ACTIVITY: The answer must reproduce every record exactly, with all pictures omitted.

DATASET RECORDS:
++++++++

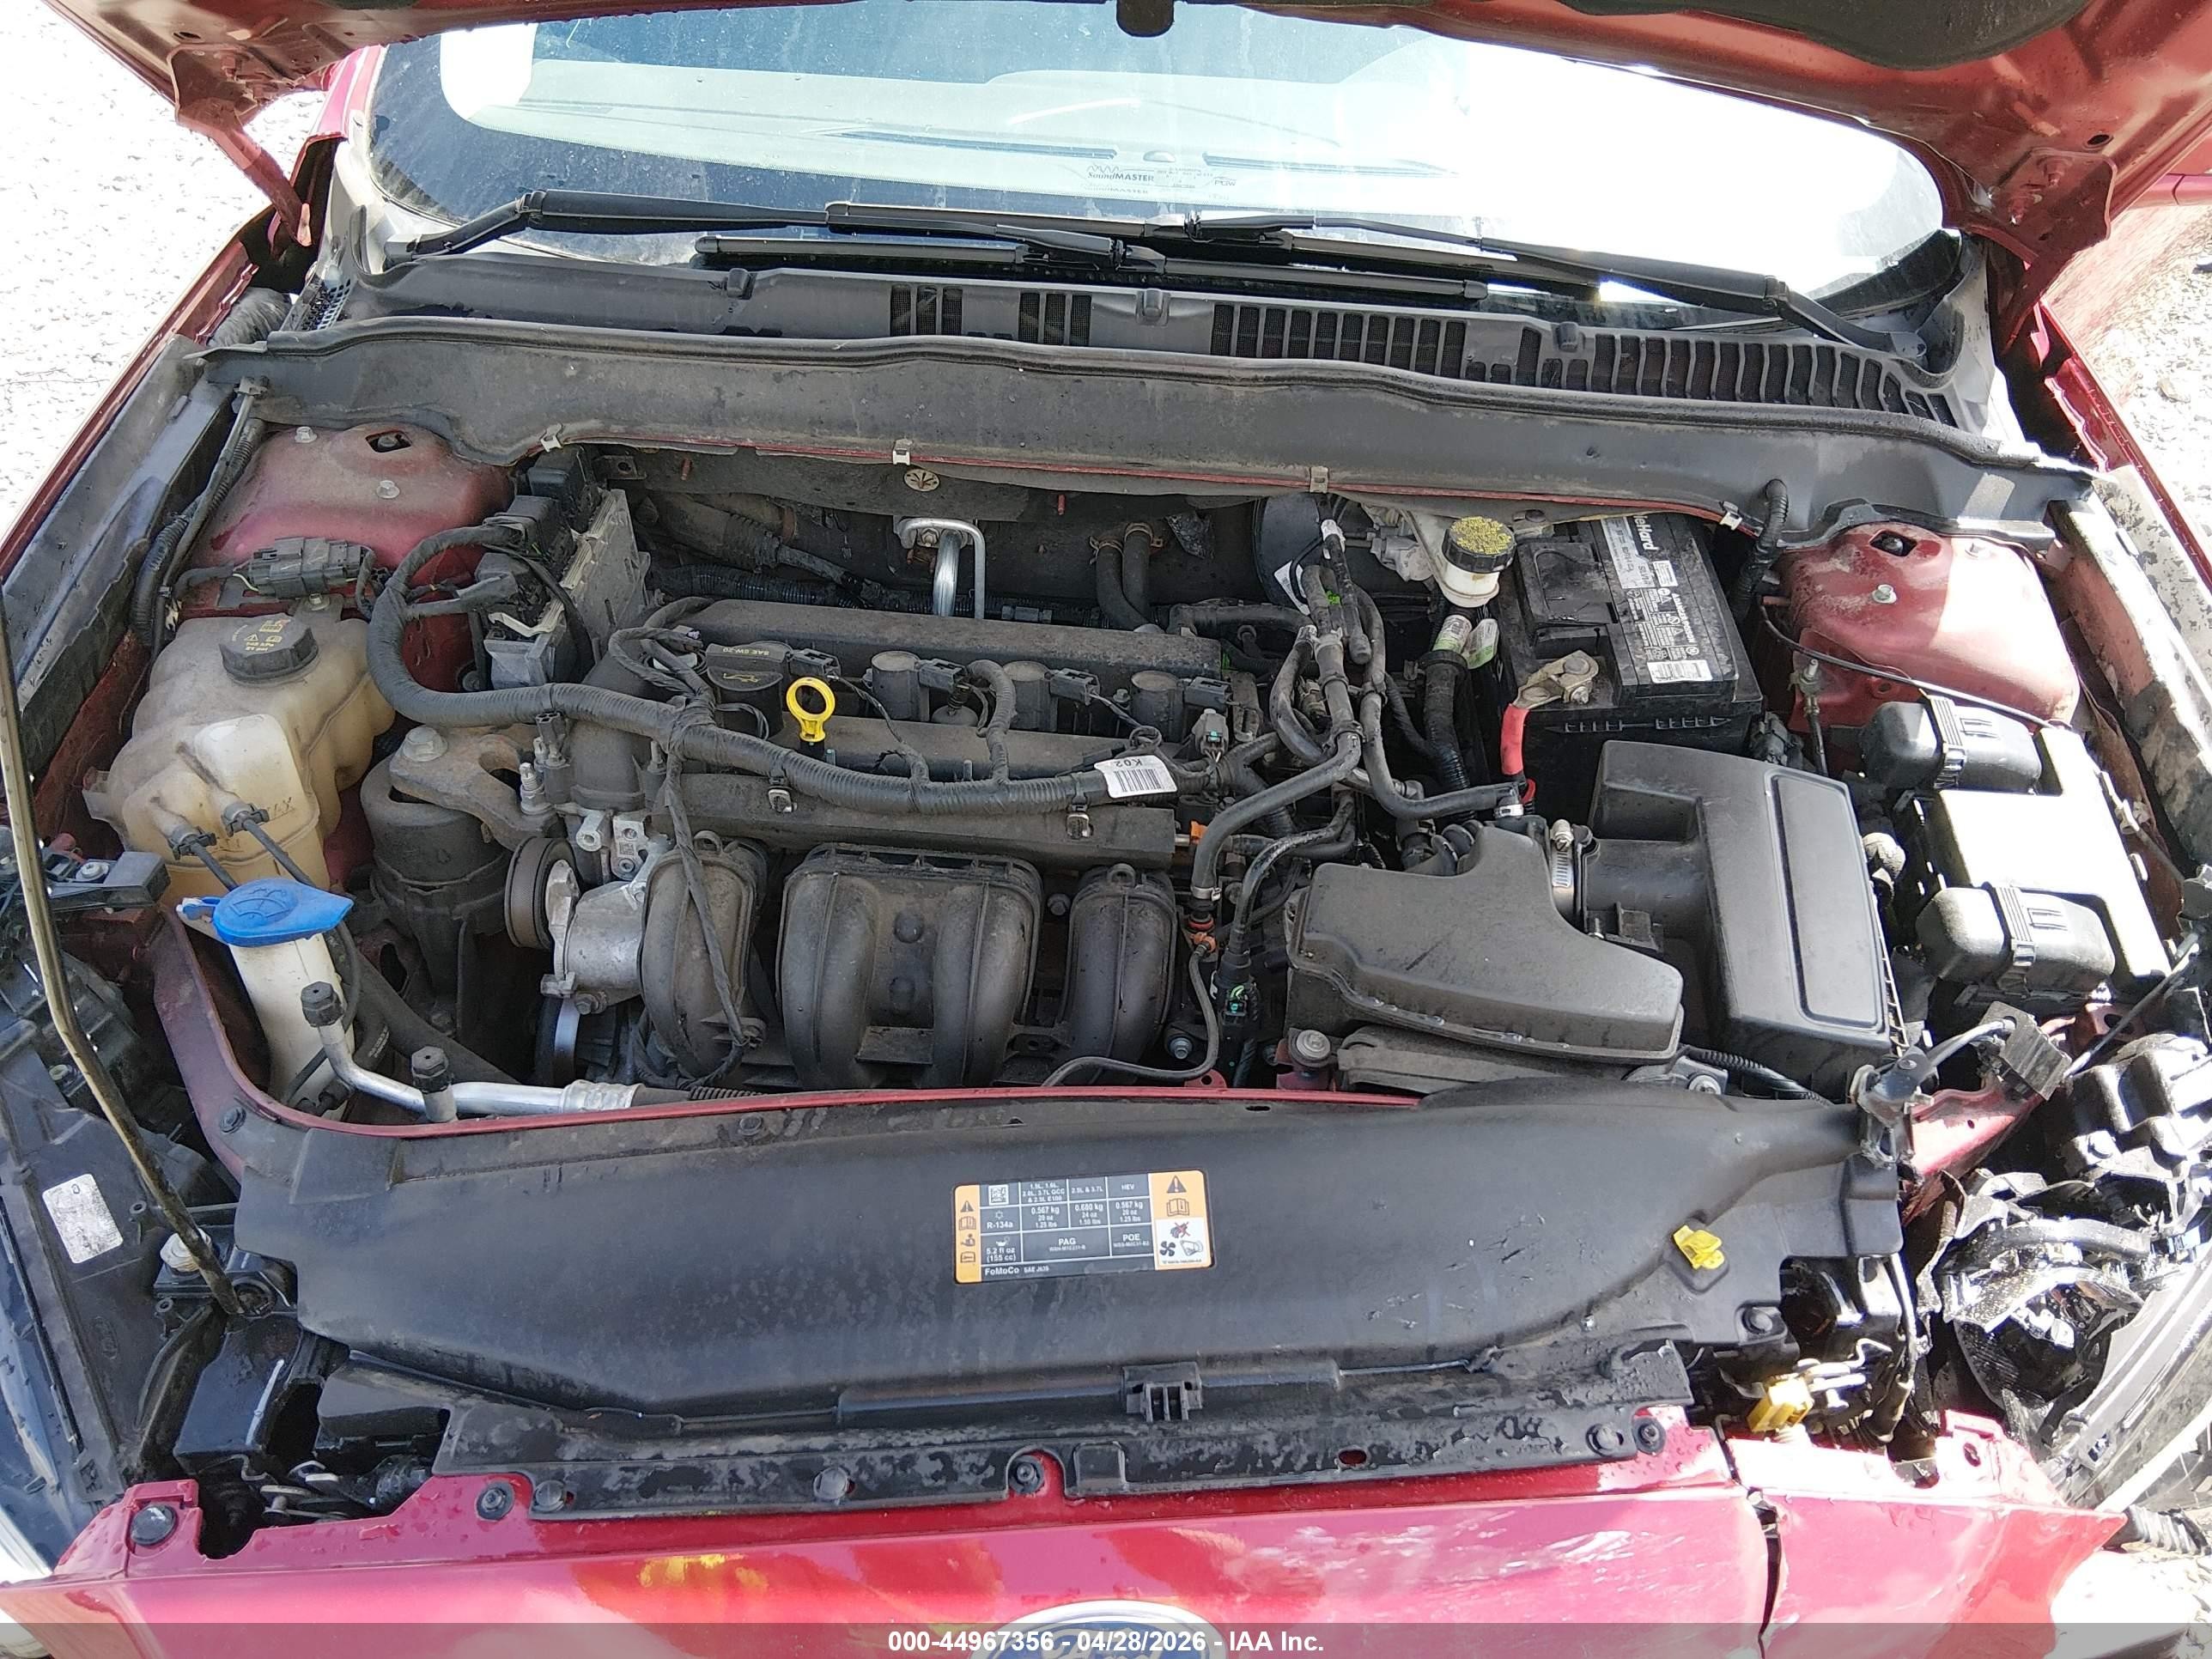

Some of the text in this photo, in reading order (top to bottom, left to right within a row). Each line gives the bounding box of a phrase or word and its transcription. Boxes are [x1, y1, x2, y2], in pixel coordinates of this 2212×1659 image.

[1632, 515, 1659, 551] ieHard
[1114, 758, 1143, 768] K02
[1094, 1203, 1103, 1212] kg
[1133, 1200, 1143, 1209] kg
[1050, 1206, 1060, 1215] kg
[987, 1221, 1013, 1230] R-134a
[1058, 1237, 1077, 1246] PAG
[1122, 1233, 1141, 1242] POE
[985, 1266, 1020, 1276] FoMoCo
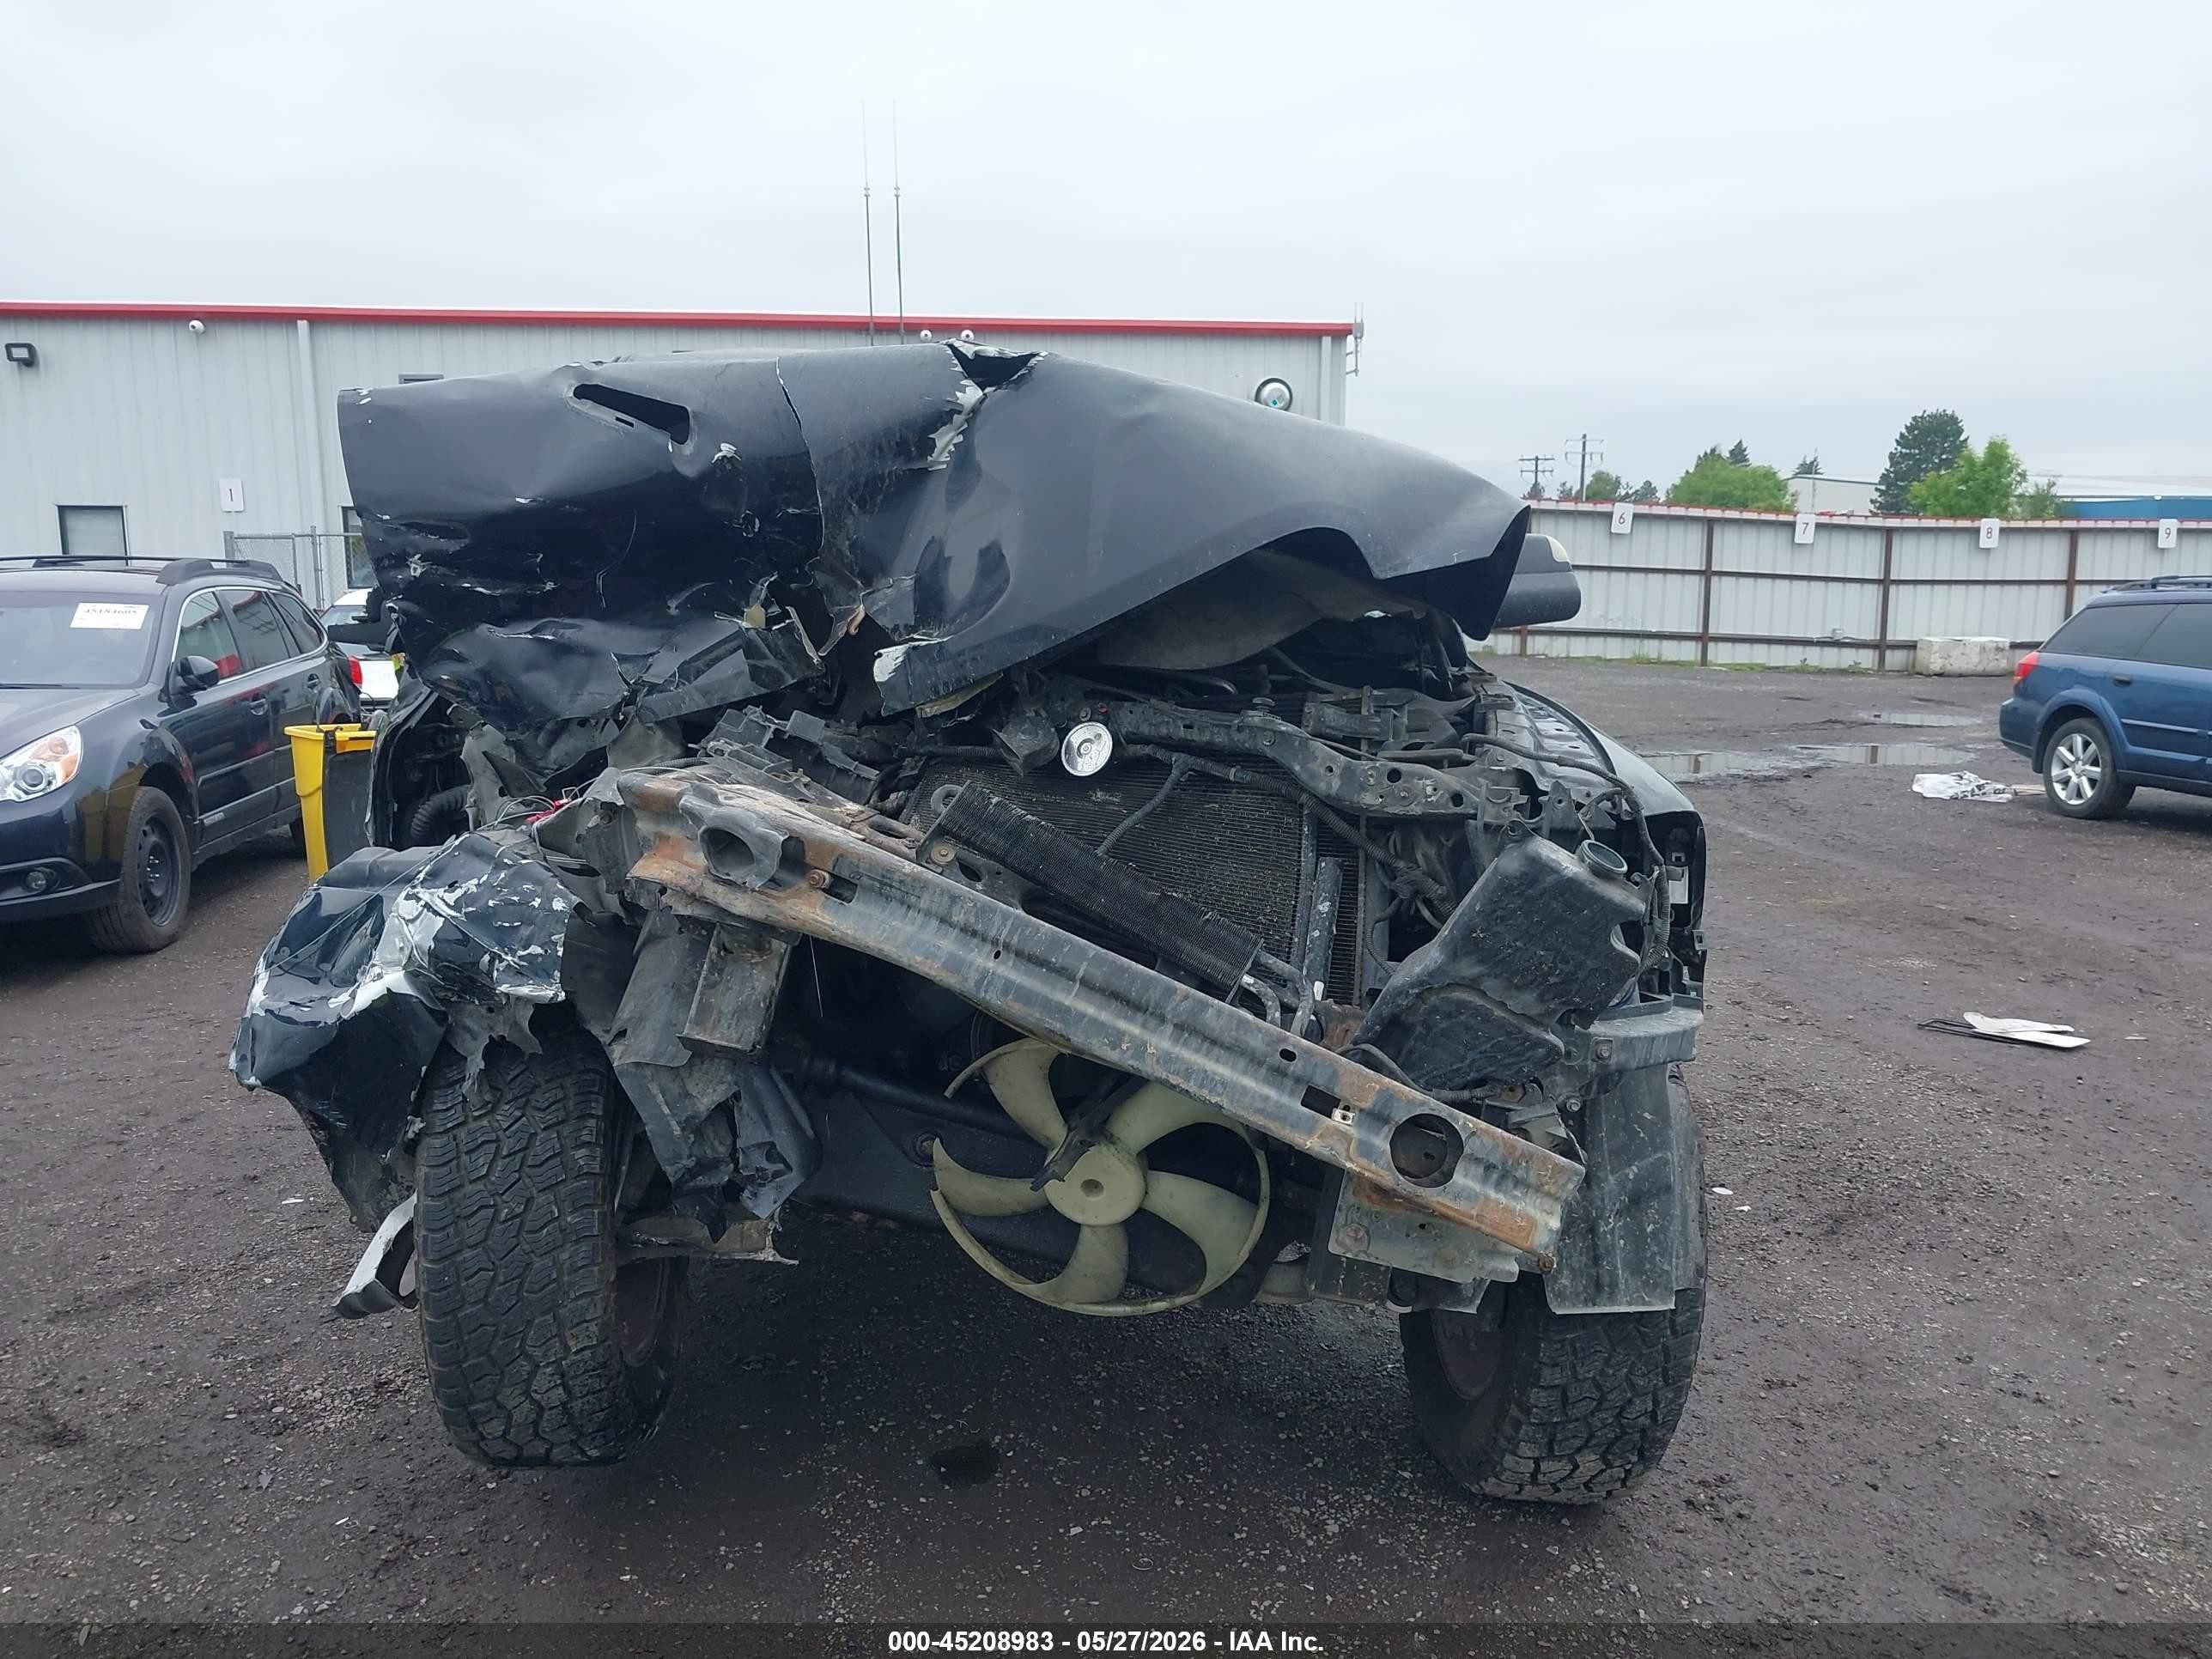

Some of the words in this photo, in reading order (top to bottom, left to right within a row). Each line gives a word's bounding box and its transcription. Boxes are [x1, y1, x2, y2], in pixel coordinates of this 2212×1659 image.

[228, 488, 234, 502] 1
[1618, 513, 1626, 525] 6
[1802, 522, 1809, 535] 7
[1986, 526, 1993, 539] 8
[2165, 527, 2172, 539] 9

++++++++

RESULT:
Some of the text in this photo, in reading order (top to bottom, left to right within a row). Each line gives the bounding box of a phrase or word and its transcription. Boxes are [x1, y1, x2, y2], in pixel coordinates of this 2212×1659 image.

[1632, 515, 1659, 551] ieHard
[1114, 758, 1143, 768] K02
[1094, 1203, 1103, 1212] kg
[1133, 1200, 1143, 1209] kg
[1050, 1206, 1060, 1215] kg
[987, 1221, 1013, 1230] R-134a
[1058, 1237, 1077, 1246] PAG
[1122, 1233, 1141, 1242] POE
[985, 1266, 1020, 1276] FoMoCo

Some of the words in this photo, in reading order (top to bottom, left to right within a row). Each line gives a word's bounding box and its transcription. Boxes are [x1, y1, x2, y2], in pixel coordinates of this 2212×1659 image.

[228, 488, 234, 502] 1
[1618, 513, 1626, 525] 6
[1802, 522, 1809, 535] 7
[1986, 526, 1993, 539] 8
[2165, 527, 2172, 539] 9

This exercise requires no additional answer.